→ **Supplied data**
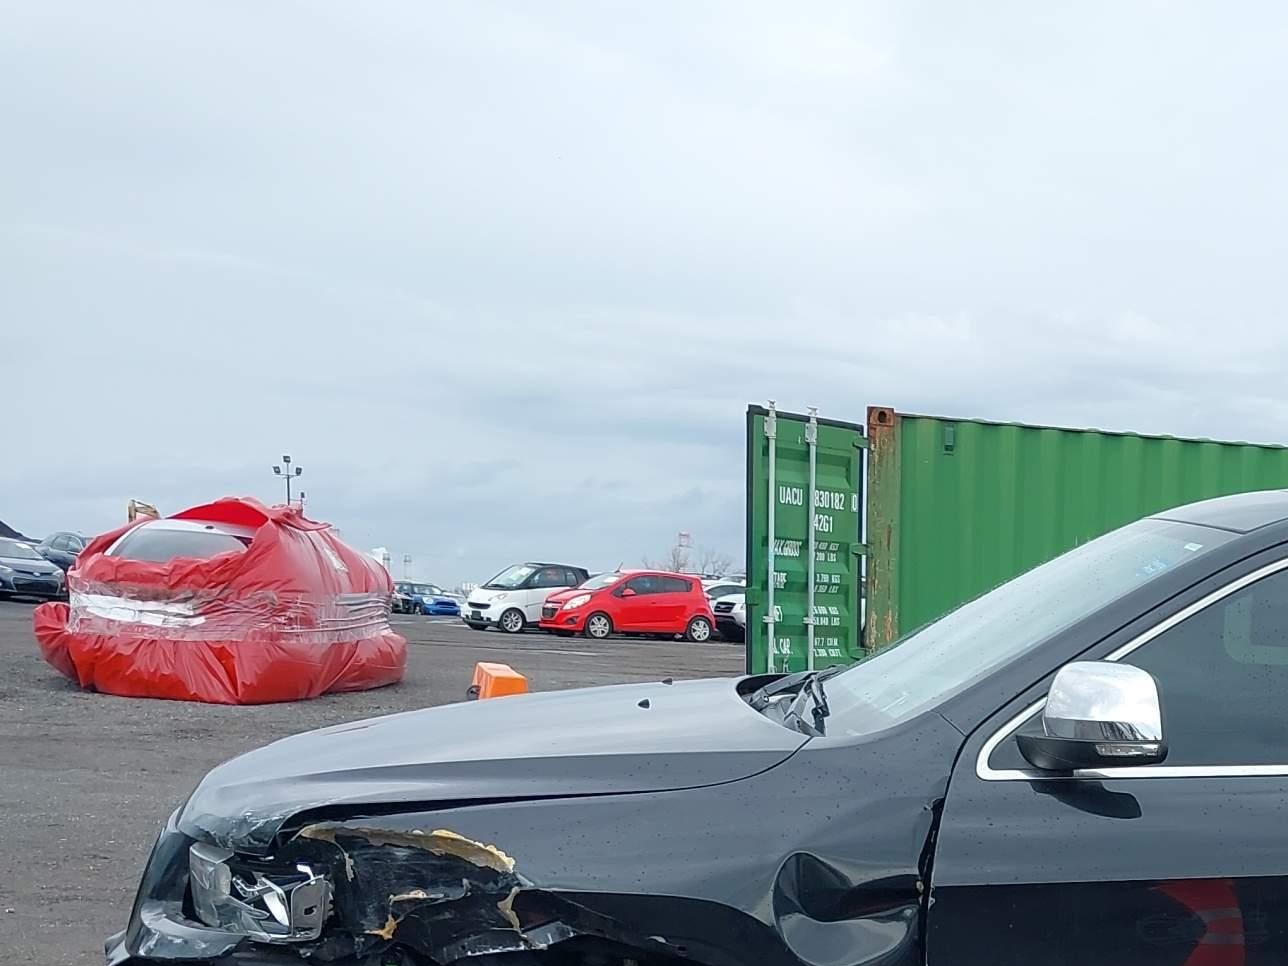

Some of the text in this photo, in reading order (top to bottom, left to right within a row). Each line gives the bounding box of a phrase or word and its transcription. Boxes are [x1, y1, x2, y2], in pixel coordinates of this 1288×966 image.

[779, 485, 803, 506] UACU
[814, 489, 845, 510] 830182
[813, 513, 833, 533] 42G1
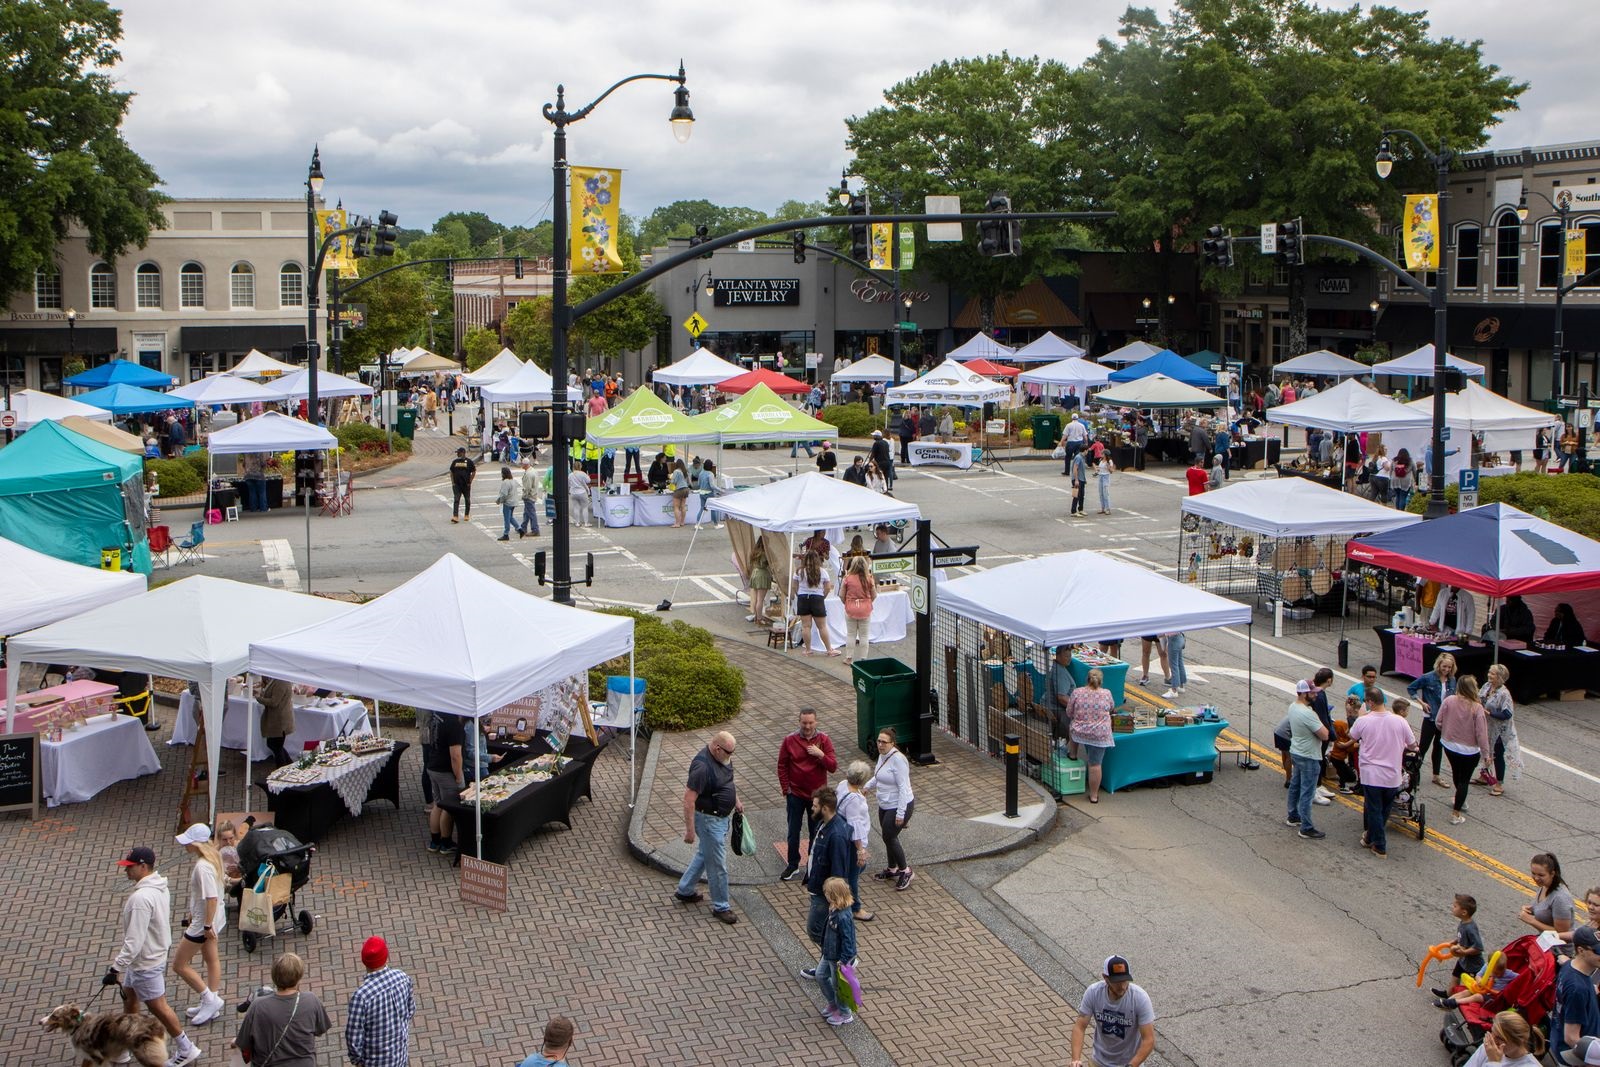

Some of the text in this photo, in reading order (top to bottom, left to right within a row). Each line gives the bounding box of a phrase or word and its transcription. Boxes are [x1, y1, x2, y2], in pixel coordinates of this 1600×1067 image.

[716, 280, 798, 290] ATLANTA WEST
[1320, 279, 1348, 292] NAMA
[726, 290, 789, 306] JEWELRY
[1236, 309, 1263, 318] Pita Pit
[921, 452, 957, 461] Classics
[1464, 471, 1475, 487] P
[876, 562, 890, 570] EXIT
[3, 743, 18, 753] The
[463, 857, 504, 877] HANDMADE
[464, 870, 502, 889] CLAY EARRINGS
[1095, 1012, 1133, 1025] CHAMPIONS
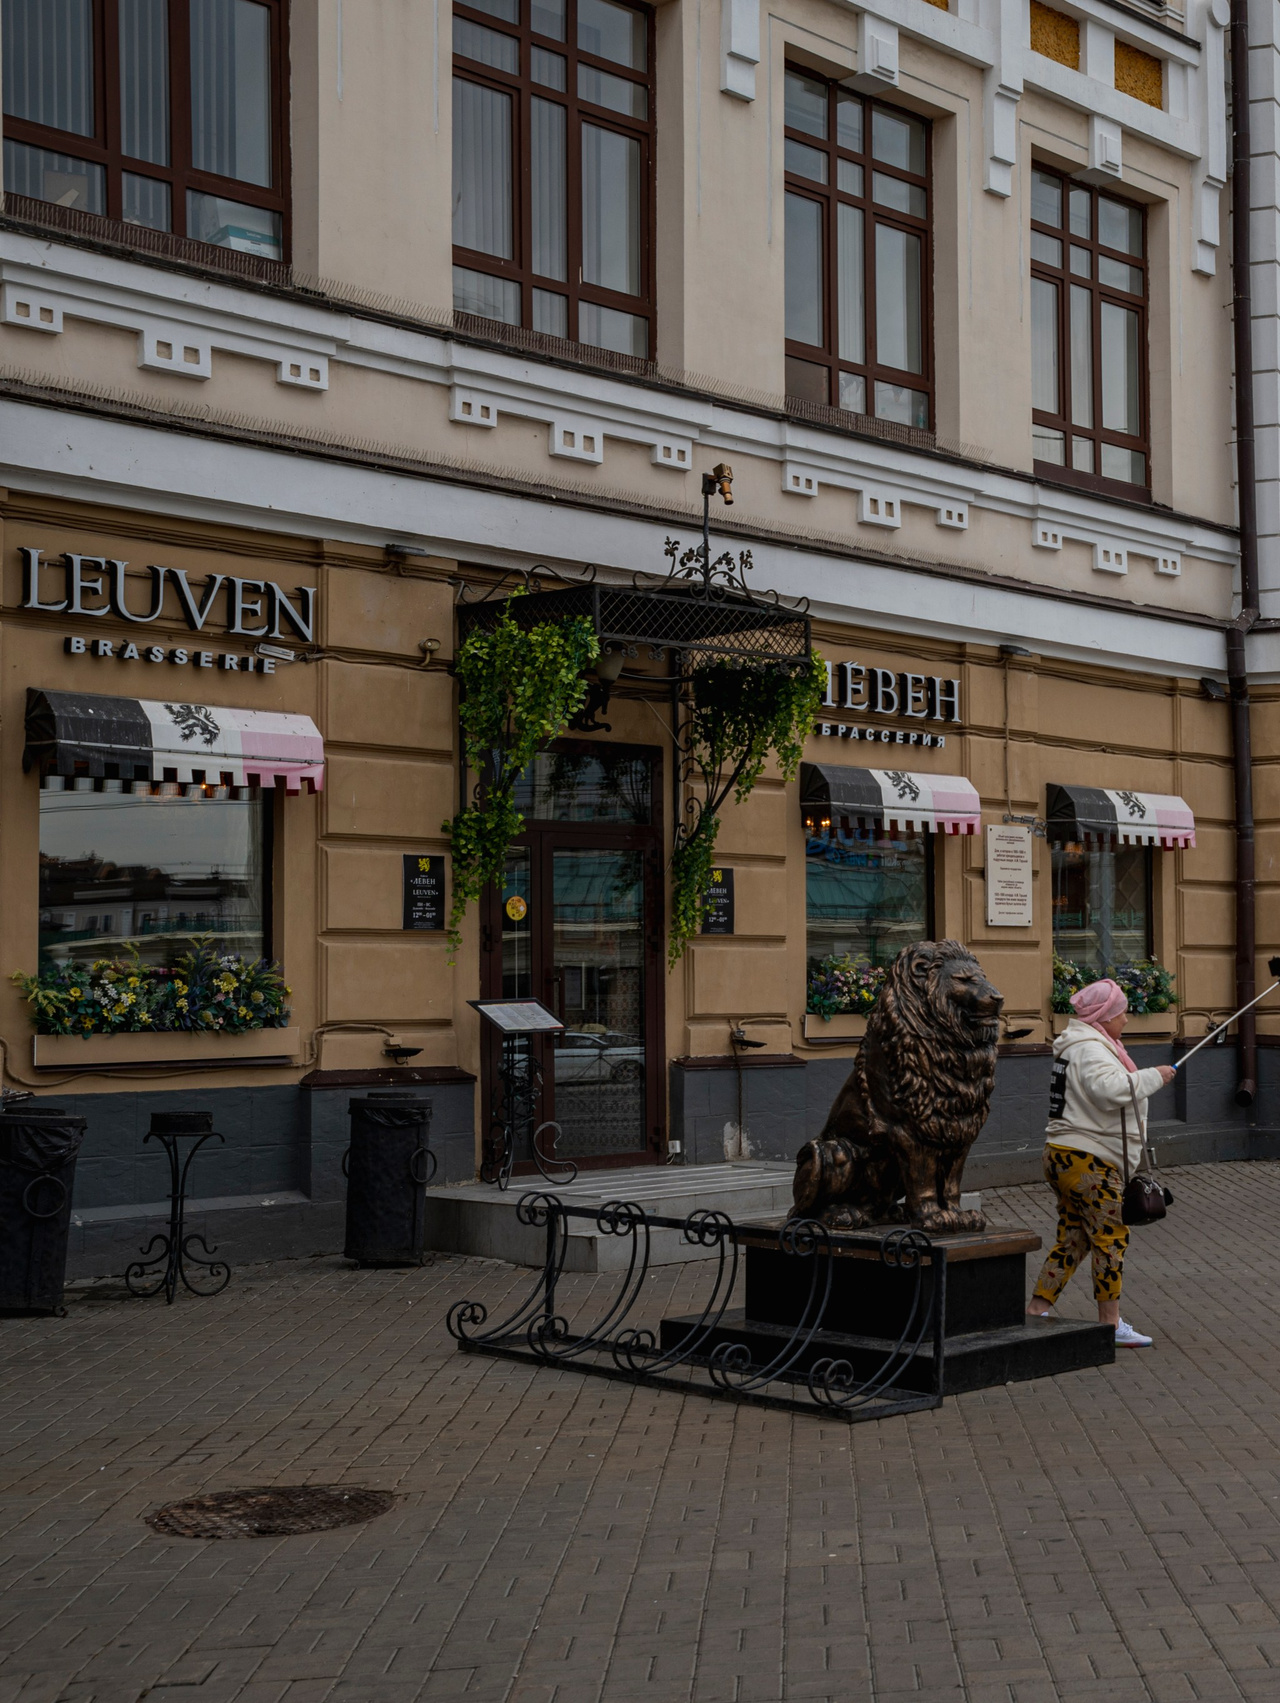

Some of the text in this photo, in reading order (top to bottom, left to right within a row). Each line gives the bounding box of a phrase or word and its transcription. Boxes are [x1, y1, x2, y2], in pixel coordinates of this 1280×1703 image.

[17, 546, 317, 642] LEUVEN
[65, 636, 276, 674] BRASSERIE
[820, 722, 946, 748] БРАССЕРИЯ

→ **Problem statement**
The data above must be reproduced exactly, without any of its pictures.

→ **The answer**
Some of the text in this photo, in reading order (top to bottom, left to right within a row). Each line gives the bounding box of a phrase or word and its transcription. Boxes are [x1, y1, x2, y2], in pixel coordinates of this 1288×966 image.

[779, 485, 803, 506] UACU
[814, 489, 845, 510] 830182
[813, 513, 833, 533] 42G1

Some of the text in this photo, in reading order (top to bottom, left to right within a row). Each line gives the bounding box of a phrase or word and its transcription. Boxes are [x1, y1, x2, y2], in pixel coordinates of this 1600×1067 image.

[716, 280, 798, 290] ATLANTA WEST
[1320, 279, 1348, 292] NAMA
[726, 290, 789, 306] JEWELRY
[1236, 309, 1263, 318] Pita Pit
[921, 452, 957, 461] Classics
[1464, 471, 1475, 487] P
[876, 562, 890, 570] EXIT
[3, 743, 18, 753] The
[463, 857, 504, 877] HANDMADE
[464, 870, 502, 889] CLAY EARRINGS
[1095, 1012, 1133, 1025] CHAMPIONS

Some of the text in this photo, in reading order (top to bottom, left to right within a row). Each line gives the bounding box of a phrase or word and its transcription. Boxes are [x1, y1, x2, y2], in pixel coordinates of this 1280×1703 image.

[17, 546, 317, 642] LEUVEN
[65, 636, 276, 674] BRASSERIE
[820, 722, 946, 748] БРАССЕРИЯ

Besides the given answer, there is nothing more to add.